WORKING DATA:
____

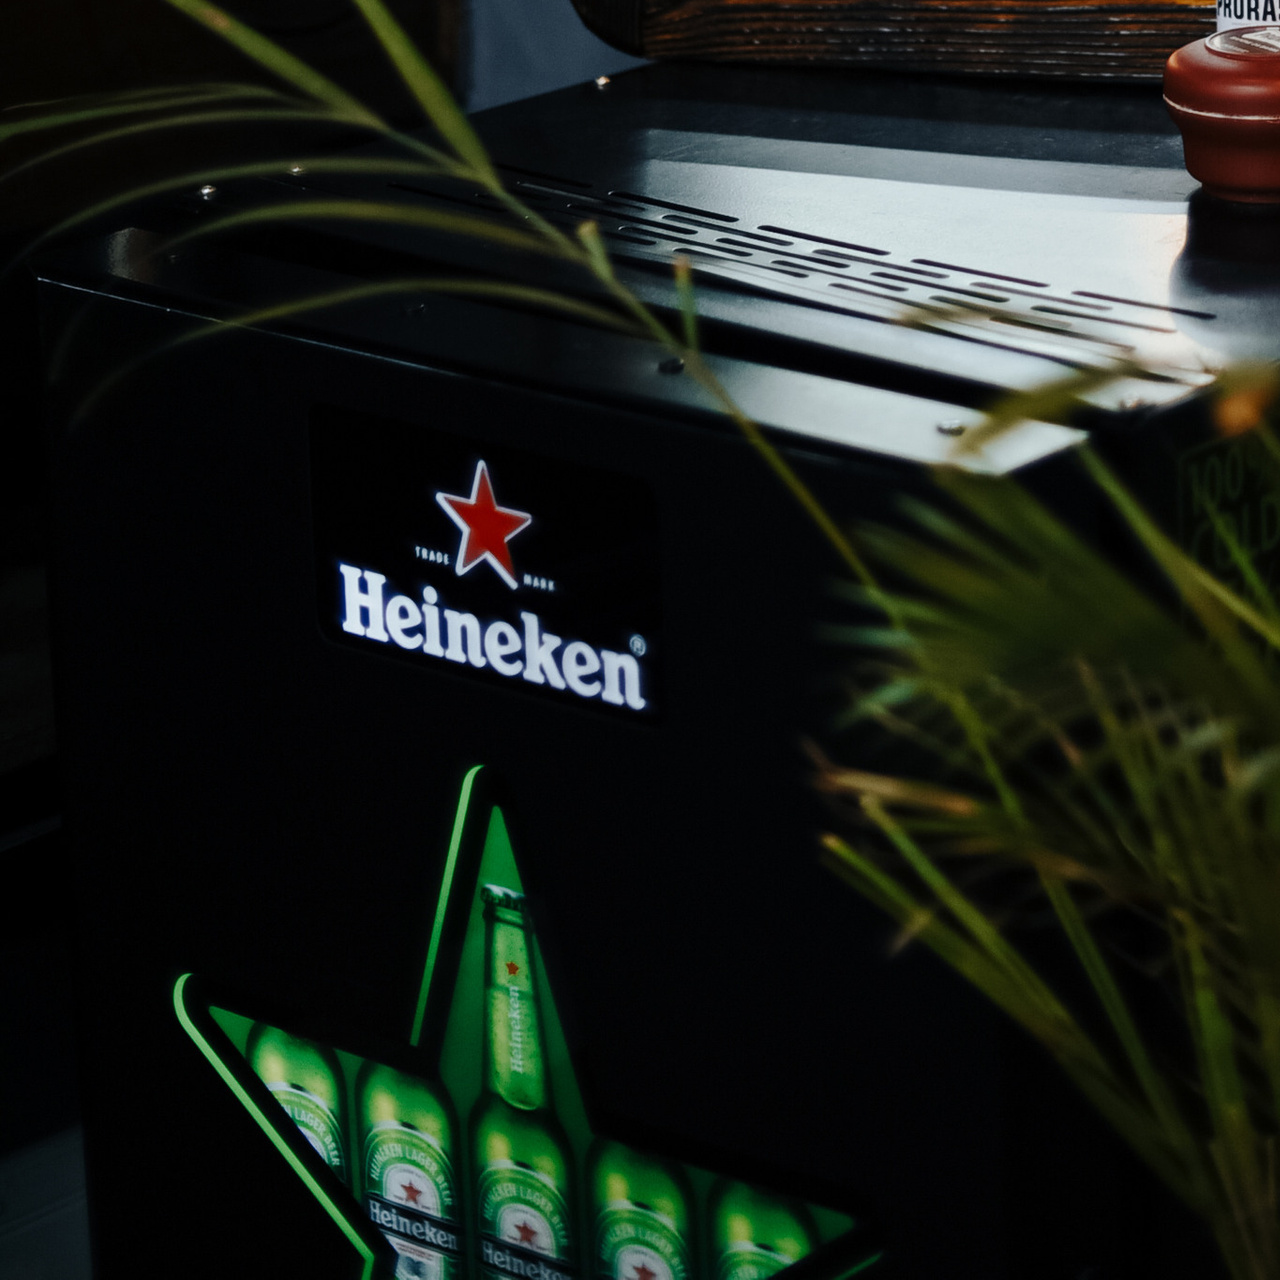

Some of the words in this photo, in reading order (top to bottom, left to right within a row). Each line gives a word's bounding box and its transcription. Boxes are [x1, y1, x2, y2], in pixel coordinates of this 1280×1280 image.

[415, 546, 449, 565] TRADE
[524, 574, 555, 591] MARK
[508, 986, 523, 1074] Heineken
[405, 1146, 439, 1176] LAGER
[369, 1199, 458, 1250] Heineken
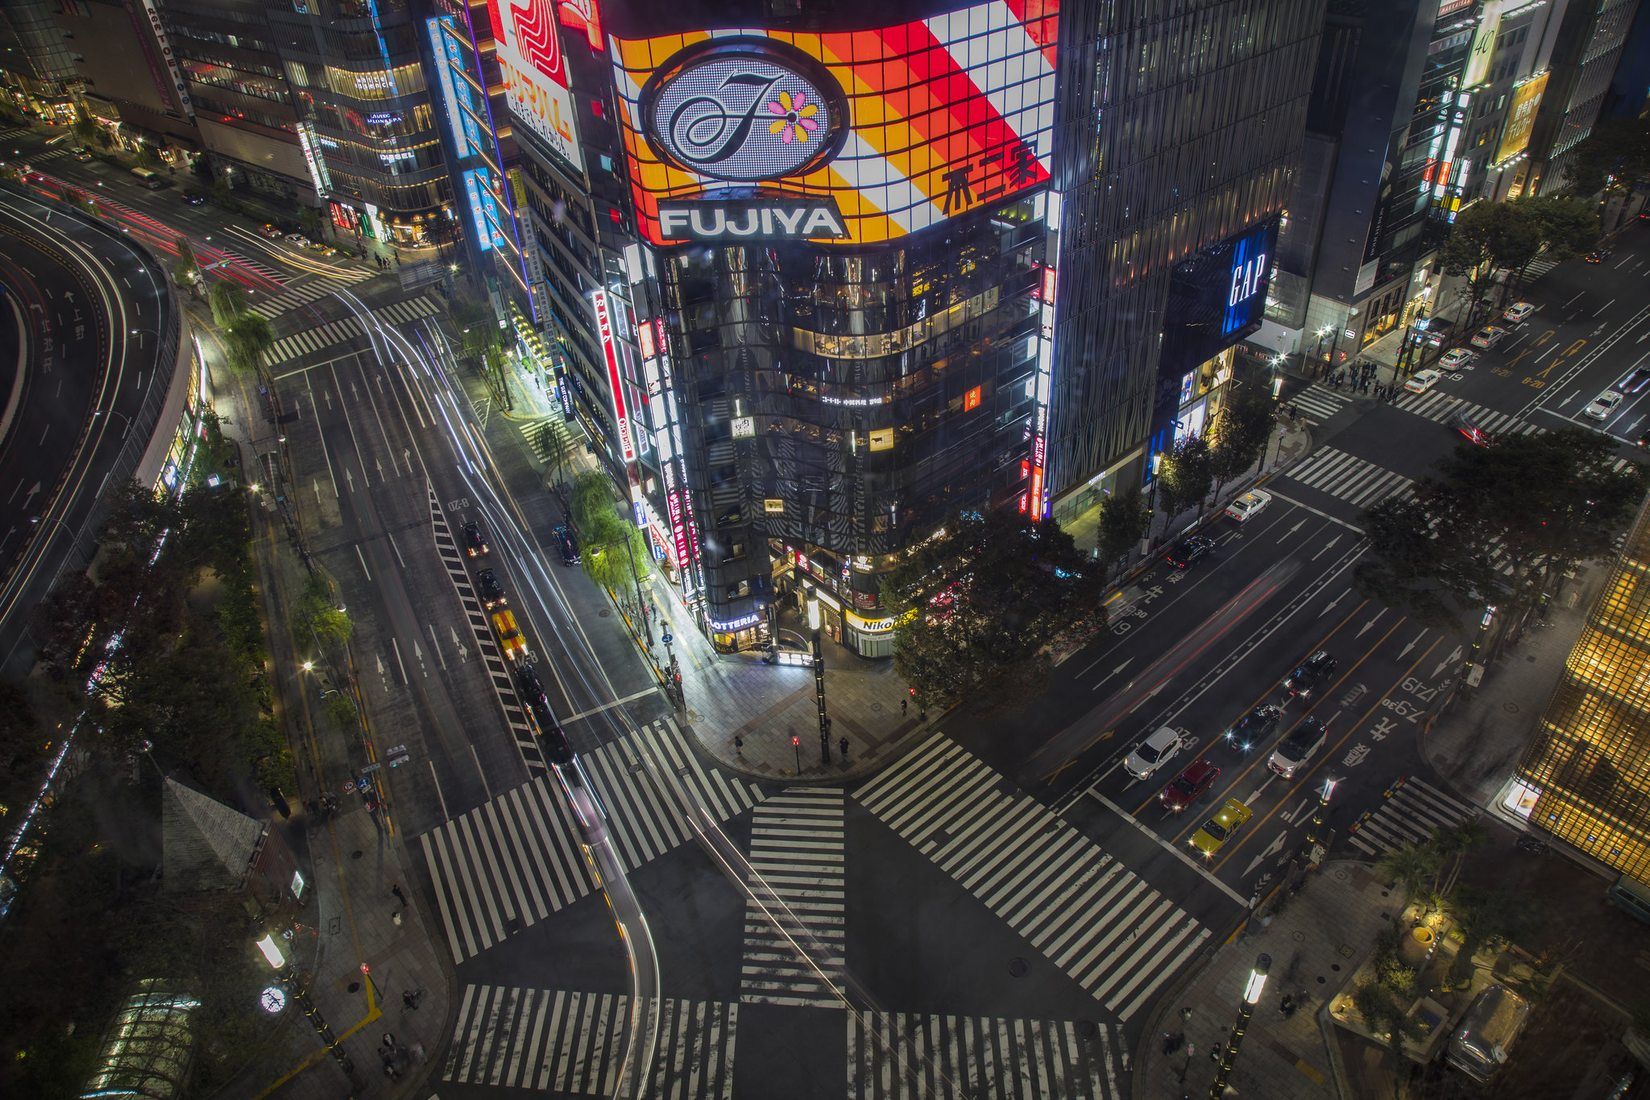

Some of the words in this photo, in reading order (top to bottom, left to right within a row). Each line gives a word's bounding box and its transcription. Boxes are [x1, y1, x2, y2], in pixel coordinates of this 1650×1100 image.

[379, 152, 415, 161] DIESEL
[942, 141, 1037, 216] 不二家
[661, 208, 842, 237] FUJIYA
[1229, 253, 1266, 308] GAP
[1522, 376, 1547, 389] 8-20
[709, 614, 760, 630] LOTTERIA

____

EXERCISE DIRECTIONS:
Without the pictures, repeat the listing word for word.

RESULT:
Some of the words in this photo, in reading order (top to bottom, left to right within a row). Each line gives a word's bounding box and its transcription. Boxes are [x1, y1, x2, y2], in pixel coordinates of this 1280×1280 image.

[415, 546, 449, 565] TRADE
[524, 574, 555, 591] MARK
[508, 986, 523, 1074] Heineken
[405, 1146, 439, 1176] LAGER
[369, 1199, 458, 1250] Heineken

Some of the words in this photo, in reading order (top to bottom, left to right within a row). Each line gives a word's bounding box and its transcription. Boxes are [x1, y1, x2, y2], in pixel coordinates of this 1650×1100 image.

[379, 152, 415, 161] DIESEL
[942, 141, 1037, 216] 不二家
[661, 208, 842, 237] FUJIYA
[1229, 253, 1266, 308] GAP
[1522, 376, 1547, 389] 8-20
[709, 614, 760, 630] LOTTERIA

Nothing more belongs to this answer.